As noted by the wire service, GOP lawmakers in the Sunshine State are better known for their efforts to block transgender people from using the bathrooms that align with their gender identity, for bills to protect pastors from having to marry same-sex couples (something already protected by the U.S. Constitution), and for measures that seek exemptions for private adoption agencies opposed to placing children with gay and lesbian foster parents.

But the Competitive Workforce Act being considered by the State Senate Judiciary Committee today is, according to the AP, a sign that Republican attitudes on LGBT issues are changing. Bills like this one have never been given a hearing by the Republican-dominated legislature.

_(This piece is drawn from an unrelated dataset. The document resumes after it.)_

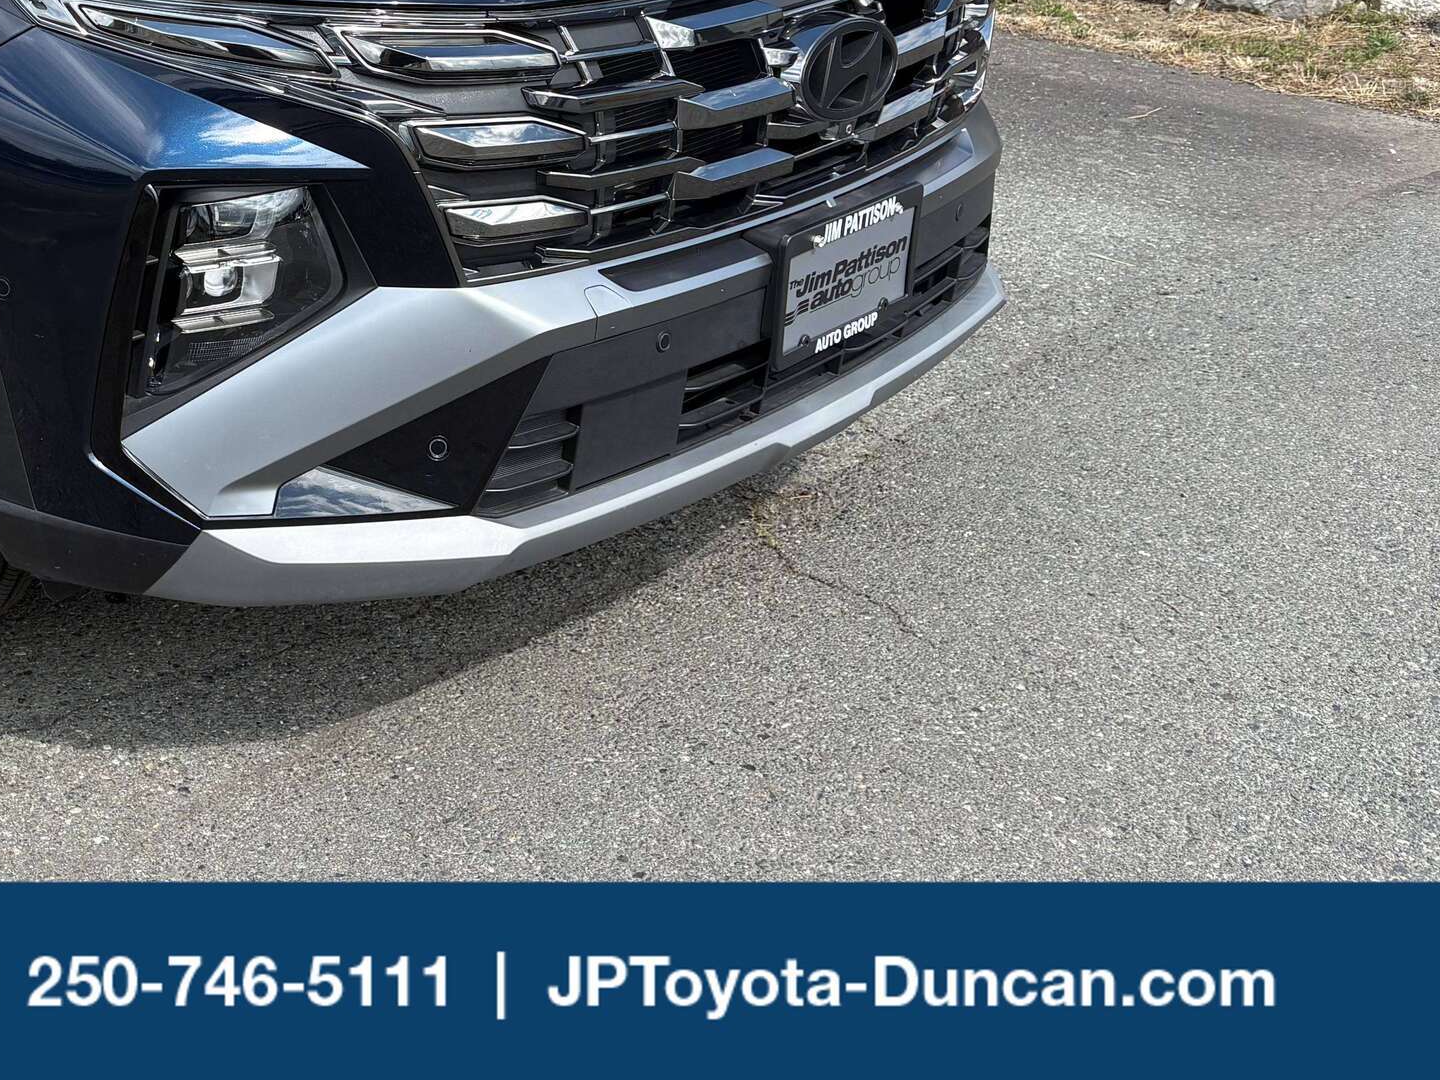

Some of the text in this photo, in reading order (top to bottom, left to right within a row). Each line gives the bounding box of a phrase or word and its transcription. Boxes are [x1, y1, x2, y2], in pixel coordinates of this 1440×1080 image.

[822, 196, 897, 245] JIM PATTISON
[814, 311, 878, 354] AUTO GROUP

This antidiscrimination bill would be the most far-reaching gay rights law ever enacted in Florida, but it is not the only Republican-sponsored bill addressing LGBT issues currently pending in the legislature. Among anti-LGBT bills proposed by Republicans: one to permit hospitals and other health care providers and hospitals to legally refuse to treat anyone identified as gay, and for any business to refuse service to gay customers, if they have religious objections, and bills in both the House and Senate establishing that no house of worship could be forced to marry a same-sex couple (again, something already established by the U.S. Constitution's guarantee of freedom of religion).

"You have my bill on one side, and you have their bill[s] on the other side," said Republican Rep. Holly Raschein, the House sponsor of the anti-discrimination bill, told the AP. "Sometimes you take two steps forward, three steps back, but that's all part of the battle."

Raschein's bill has nine GOP cosponsors and many corporate supporters, together touting it as good for Florida business. There's a corporate campaign to promote the legislation, backed by AT&T, Wells Fargo, Marriott, and Carnival Corp. They say antidiscrimination laws will help attract high-paying jobs and skilled workers to the state.

"Republicans are able to see that this is not only the thing to do, but it's also the right thing to do from a competitive standpoint," Patrick Slevin, the campaign manager for Florida Businesses for a Competitive Workforce, told the AP. "It's not just the employees that we're trying to recruit, it's also their families. When they're looking at job offers across the country, it's going to be taxes, it's going to be education, it's going to be safety and it's also going to be diversity."

On the other side is the antigay Florida Family Policy Council, which is telling supporters in emails that Raschein's bill is "a dangerous piece of legislation," one of several being used nationwide "as weapons to punish Christians living out their faith."

The group's leader, John Stemberger, told the wire service he doesn't believe this bill will help Florida's economy one bit.

"To infuse somehow that these nondiscrimination laws are going to bring gays into town and that's going to stimulate the economy and we bring the 'best and brightest' ... that's just an incredible insult to the general population as if we're not the best and the brightest, that you have to engage in some kind of alternative sexual behavior or lifestyle in order for you to be the best and the brightest," Stemberger said. "That's really junk economics."